More

brianyu8 · 2025-12-22T18:19:33 1766427573

I am super bullish on claude code / codex cli + LSP and other deterministic codemod and code intelligence tools.

I was playing around with codex this weekend and honestly having a great time (my opinion of it has 180'd since gpt-5.2(-codex) came out) but I was getting annoyed at it because it kept missing references when I asked it to rename or move symbols.

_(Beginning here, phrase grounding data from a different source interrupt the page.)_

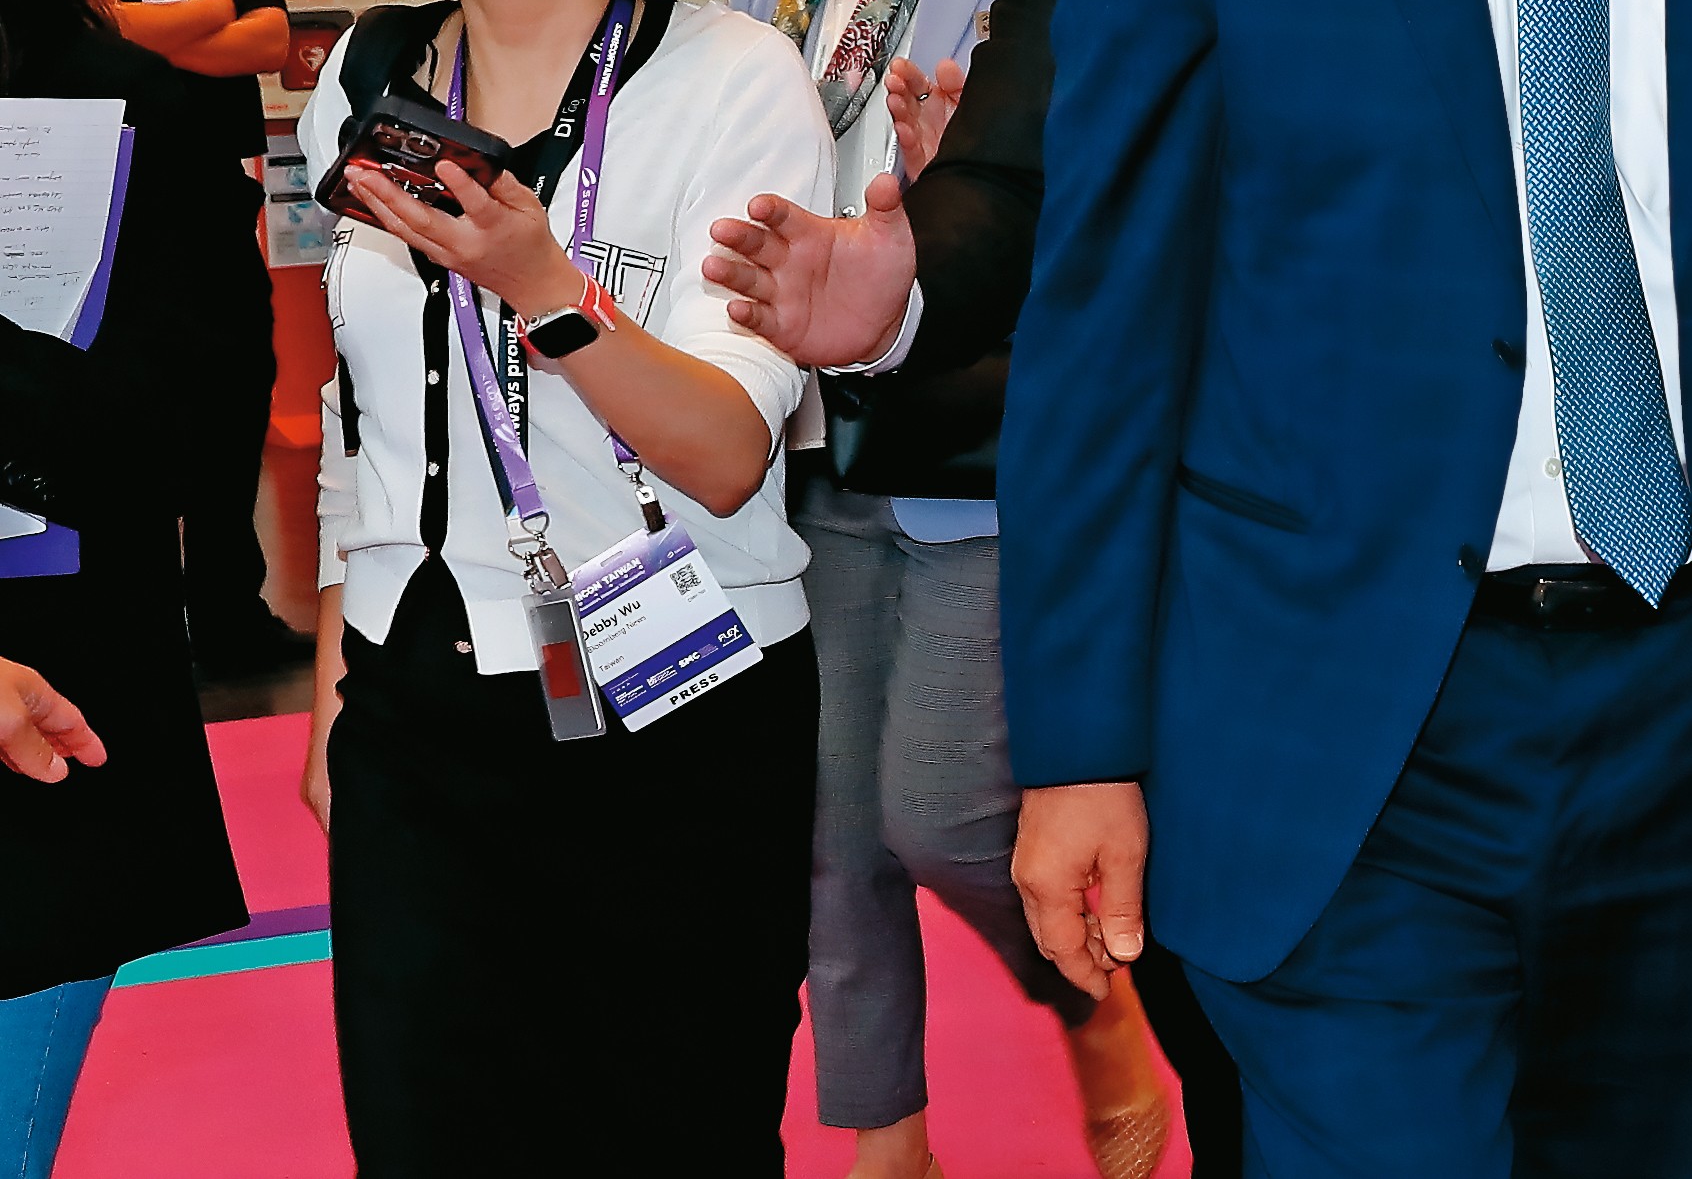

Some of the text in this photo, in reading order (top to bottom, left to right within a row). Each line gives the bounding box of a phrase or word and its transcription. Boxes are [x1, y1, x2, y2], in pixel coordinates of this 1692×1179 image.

[507, 381, 525, 444] ways
[601, 557, 642, 585] TAIWAN
[582, 600, 642, 642] Debby Wu
[598, 655, 625, 672] Taiwan
[669, 673, 720, 706] PRESS

So I built a skill that teaches it to use rope for mechanical python codebase refactors: https://github.com/brian-yu/python-rope-refactor

Been pretty happy with it so far!

lionkor · 2025-12-22T22:16:33 1766441793

OpenAI engineer fails to rename references because his F2 key has been replaced with the Copilot button?

No LSP support is wild.

shimman · 2025-12-22T23:03:17 1766444597

This is something I notice often when using these tools (if this is what you are referring too). Like they will grep entire code bases to search for a word rather than search by symbol. I suppose they don't care to fix these types of things as it all adds up to paid tokens in the end.

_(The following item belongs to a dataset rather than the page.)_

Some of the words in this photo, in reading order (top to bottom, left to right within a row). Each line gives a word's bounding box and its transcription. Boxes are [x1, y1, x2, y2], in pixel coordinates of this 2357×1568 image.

We have 50 years worth of progress on top of grep and grep is one of the worse ways to refactor a system.

Nice to see LLM companies are ignoring these teachings and speed running into disaster.

nvarsj · 2025-12-23T08:56:05 1766480165

Only if they are not told how to search the codebase efficiently. All you need is an MCP server for code search. There's even LSP backed MCP servers now.

shimman · 2025-12-23T15:04:31 1766502271

I see, I'm highly skeptical of using these tools because I honestly feel faster with a vim + clt workflow if I know what to write.

I'll have to check again because 6 months ago this stuff was pure trash and more frustrating than useful (beyond a boilerplate generate that also boils the ocean).

theptip · 2025-12-23T16:28:58 1766507338

Yes, check again - to be blunt, any opinions (at least tactical on how well feature X works) formed 6 months ago are not really relevant to the conversation today given how fast this is all moving.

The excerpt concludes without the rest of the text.